Now Mr. Kaleel had made ever so many reforms in the management of the land and the workers conditions. He prided himself on his ability to move with the times. Folks said that he did not continue the Old Masters feudal ways. Nor did he become their counselor and guardian as his father had been in his day. Kaleel maintained a cool-headed distance from the workers, he did not know of their intimate affairs. He paid fairly for the work done.

Mihrimah knew the tenants well. Quite often she was seen walking towards a tenant dwelling with a word of solace for a young mother of an ailing infant or an old man ill in bed.

On these expeditions she took along young Mumtaz, who’s lisping words and laughter filled the homes she visited.

Old Majeed who brought the fish likened her to a delightful little parakeet. But today little Mumtaz was unwell. Her pale face, burning red cheeks had made the mother rush with her to the local doctor.

Usually, the young doctor’s assistant would visit patients at home. But the old apothecary no longer left his home.

Reassured by the doctor’s words and medicine, Mihrimah returned home entering through the backdoor into the kitchen.

It was then that she felt something was amiss. Kaleel was at home. She knew it. But had he returned early? Matters of the land had kept him away for the past few days. She was about to call out but the words remained in her throat. Without calling out she suddenly knew he was in Thasneem’s room.

Thasneem whose docility and obedience he had often praised. She who had off late not accompanied the Mistress on all her errands.
Everything followed in a daze.

Even though the Bungalow had high walls, gossip found its way above them.

“This is nothing new, the girl is of such breeding, this is what happens when you let a maid above her station…”

“It is a pity, so beautiful and generous a woman like Mihrimah to have to suffer…”

“Just pack the girl off, they have plenty of money, give her wages and chuck her out…”

“He is rich and he may keep a second wife, who knows she may bear him a son, after all it is permissible to have two wives…”

“Mihrimah must forgive him, for he is a good man. It must be an honest mistake; one gives in to temptation…”

“I heard he said the maid was off no consequence, he truly loves the Mistress…”

“The poor have no dignity; their honor is fragile…”

“He is a man; men will be men…”

These and many more opinions floated in the air. All these thoughts passed through Mihrimah’s mind too. She looked at her lovely Mumtaz. At young Thasneem, pale, her eyes heavy and red. The years, the beautiful moments flashed through her mind. She saw vividly a sunset. She was sitting on the stone veranda cutting ripe mangoes. The air was filled with the chirping of birds. Kaleel sat besides her talking animatedly. One moment she was laughing as she ate the juicy mangoes. The next moment she found herself vomiting. She had been pregnant.
She walked towards the window. Tears rolled down her cheeks until at last she was sobbing. Kaleel had not yet returned. He had spoken of an official engagement that required him to be in a nearby town. He knew that she knew.

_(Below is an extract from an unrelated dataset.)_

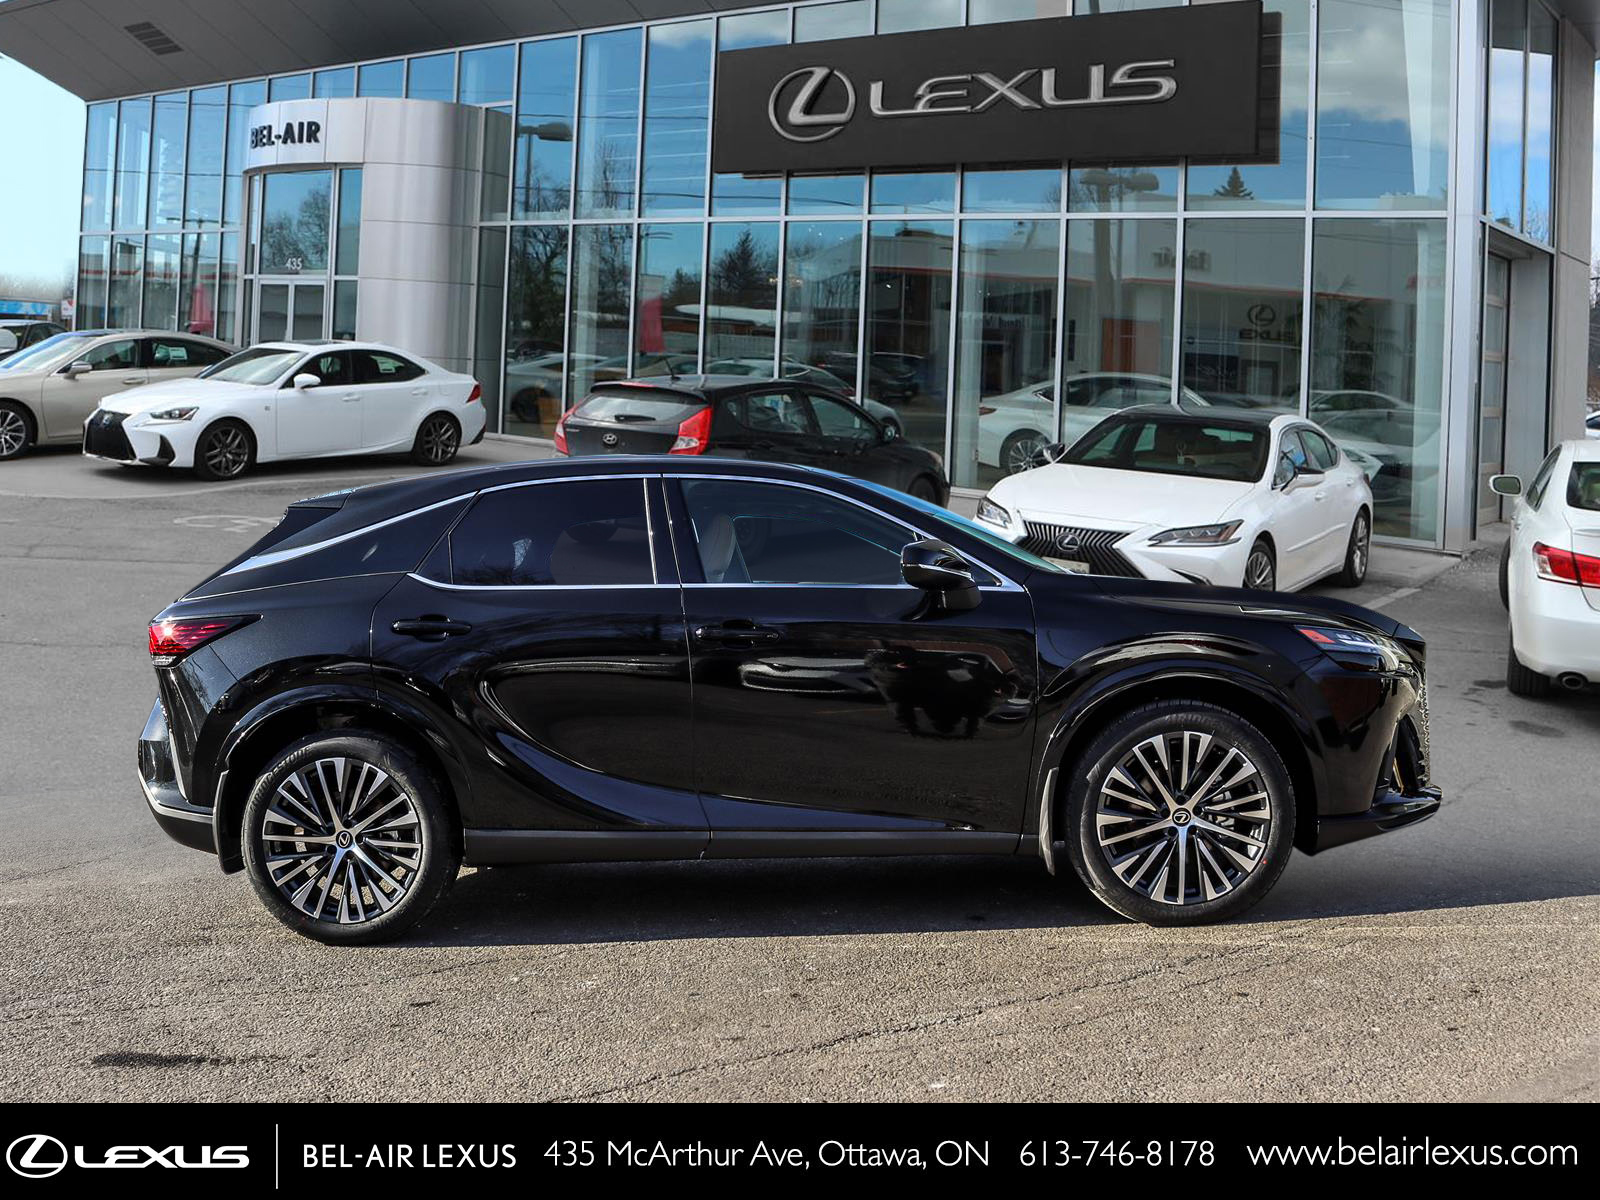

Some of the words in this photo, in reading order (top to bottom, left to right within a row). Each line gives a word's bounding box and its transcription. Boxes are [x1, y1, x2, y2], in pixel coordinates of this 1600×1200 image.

[869, 59, 1177, 117] LEXUS
[250, 121, 321, 149] BEL-AIR
[286, 257, 303, 270] 435
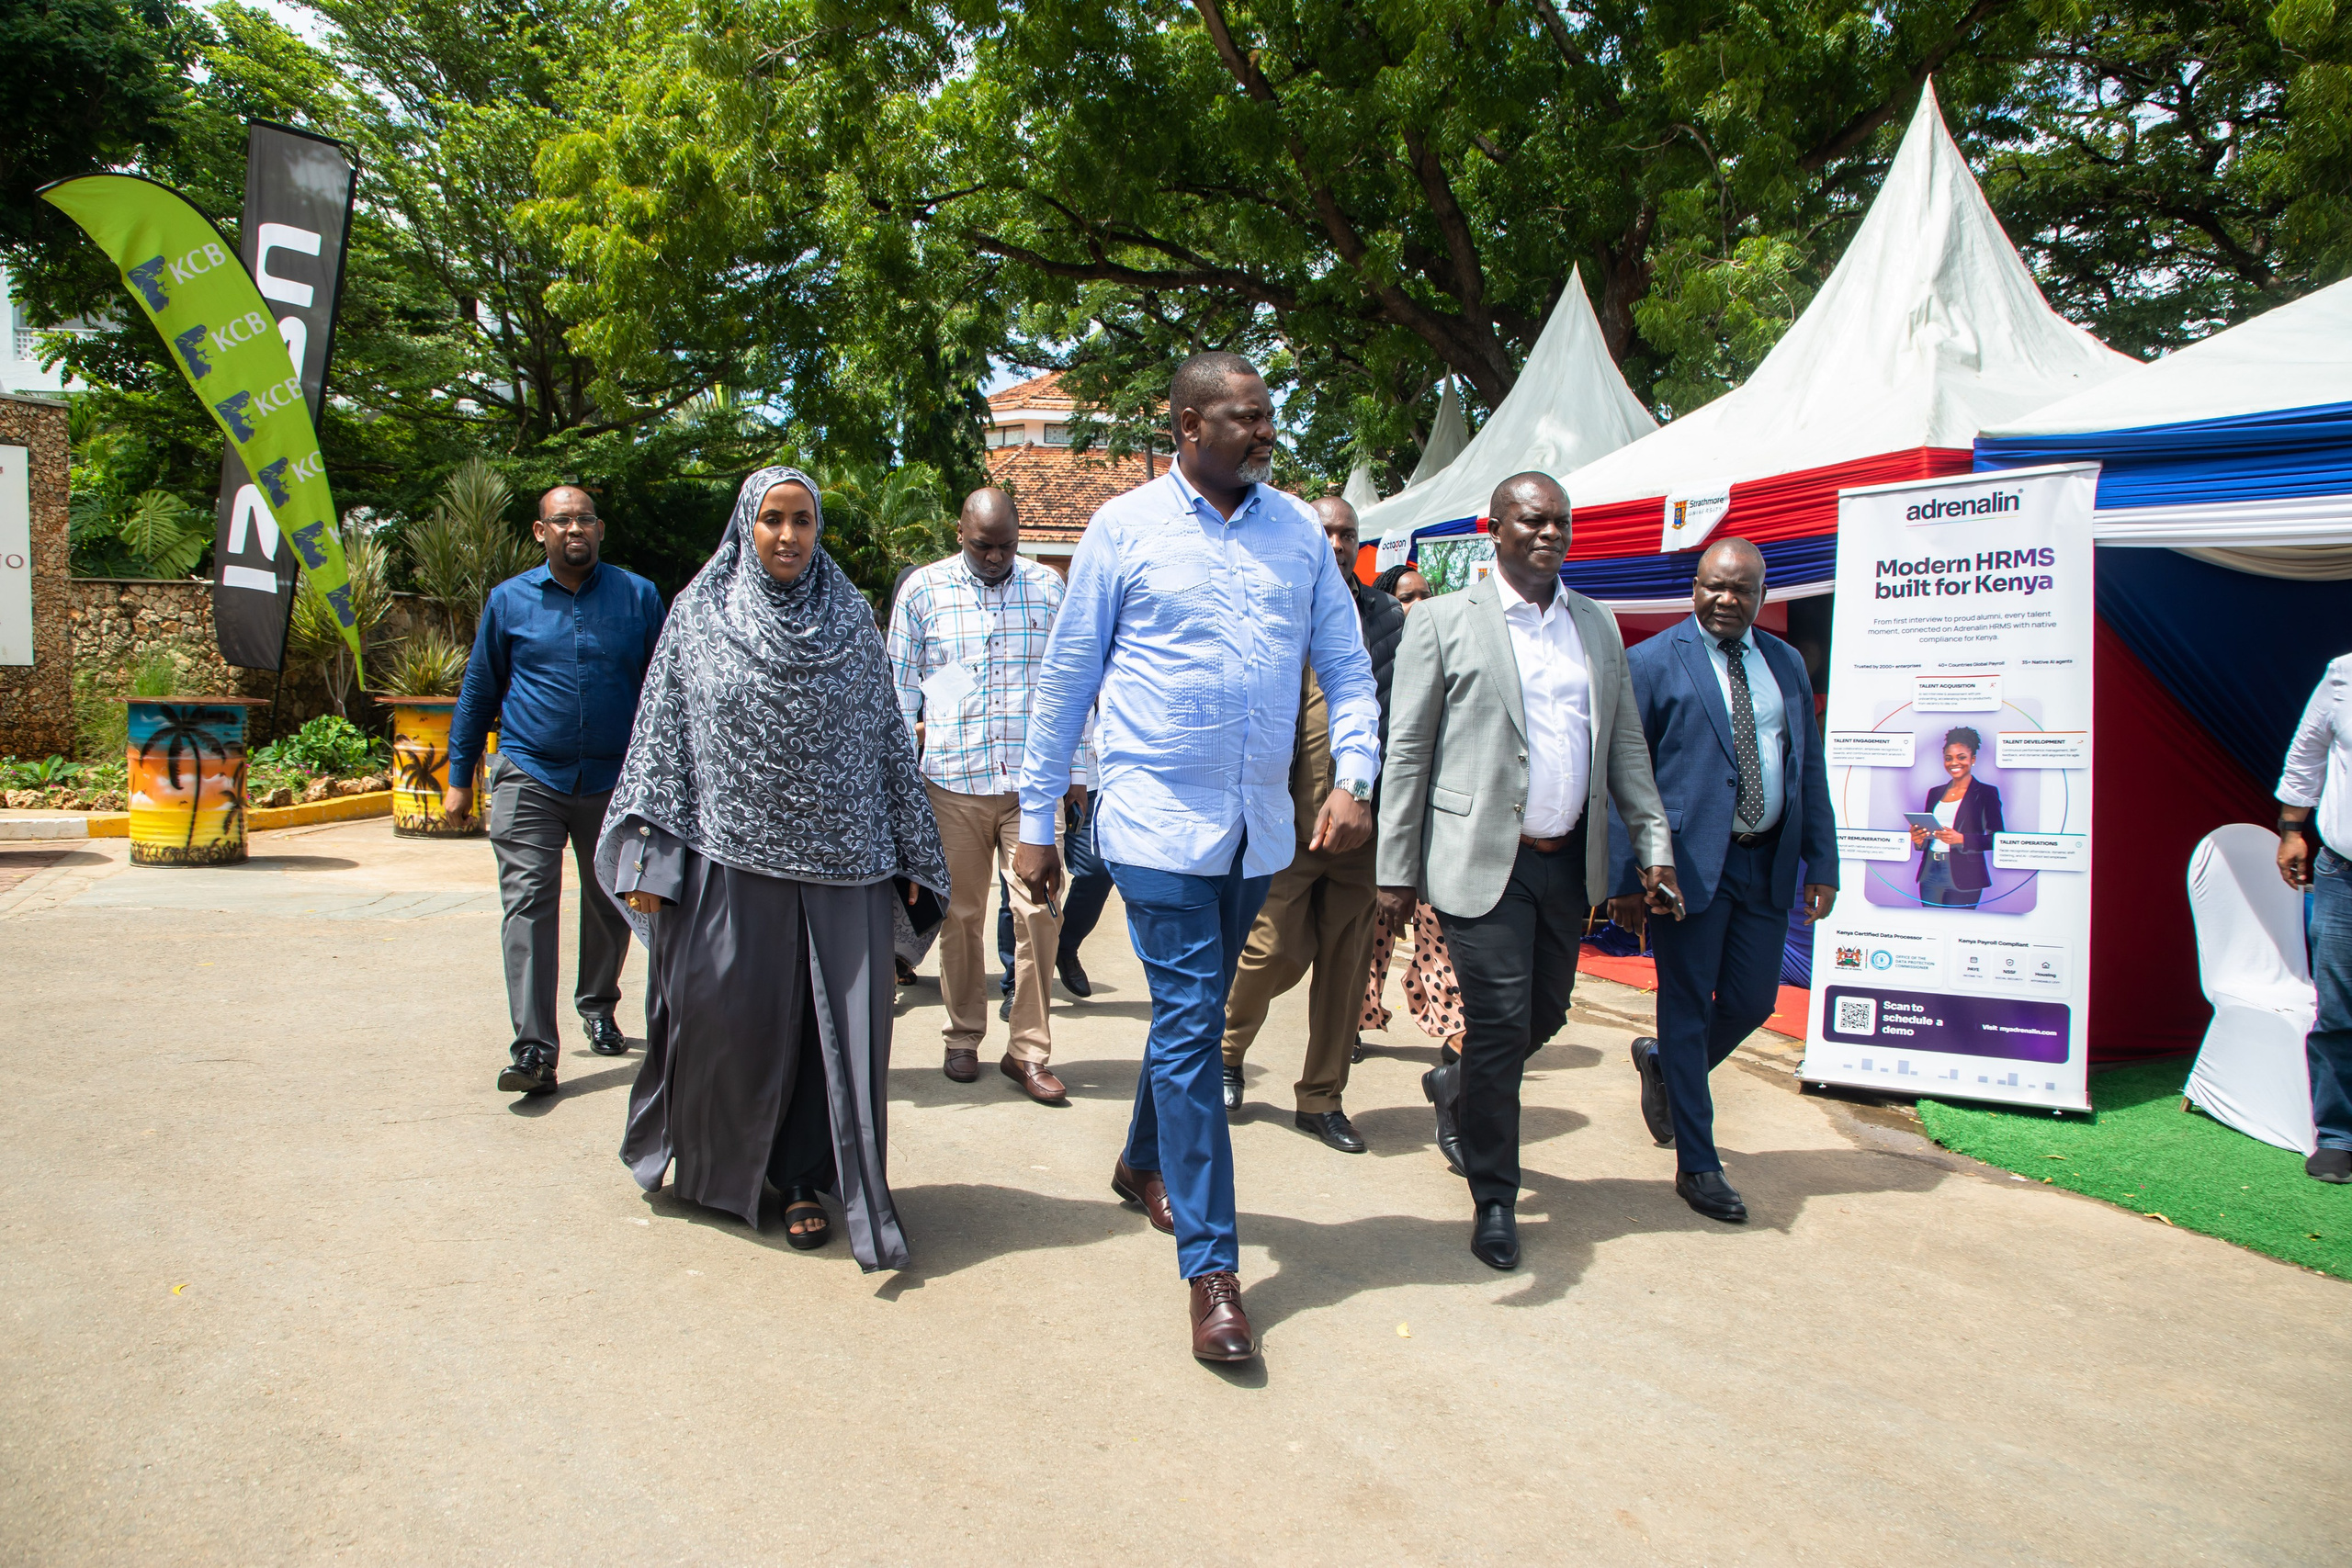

Mihrimah soon wiped her tears, her hair was done. She wore her ornaments and her daily countenance as she walked through the long corridors into the kitchen. She looked at Thasneem, who looked down impassively. At little Mumtaz busy at play.

That night Kaleel returned home. She would have cooled down. But he must apologize. ‘Ah dearest and adored one’, thoughts of her filled his mind from the moment he had left home.

He rushed to their room. The bedroom was empty, so was the nursery. No one knew where the Mistress had gone. At first Kaleel made enquiries at her father’s home. Wherever she went, this was her home and she would return. The days became weeks, and the weeks turned to months, the months to years.

Whether Mr. Kaleel ever met Mihrimah we do not know. That would be another story.

But my confident who by then grew into a young woman and was married off to a faraway town knew of a lady who lived by herself and her daughter. She was still as graceful as the Lady with the fan. They said she wrote to the papers and asked men and women to join and rally for the half naked apostle who with love would send the White Masters back to their homeland. Along with them lived a young woman, fiercely loyal to her Mistress and daughter. An educated young woman who would soon find her place in free India.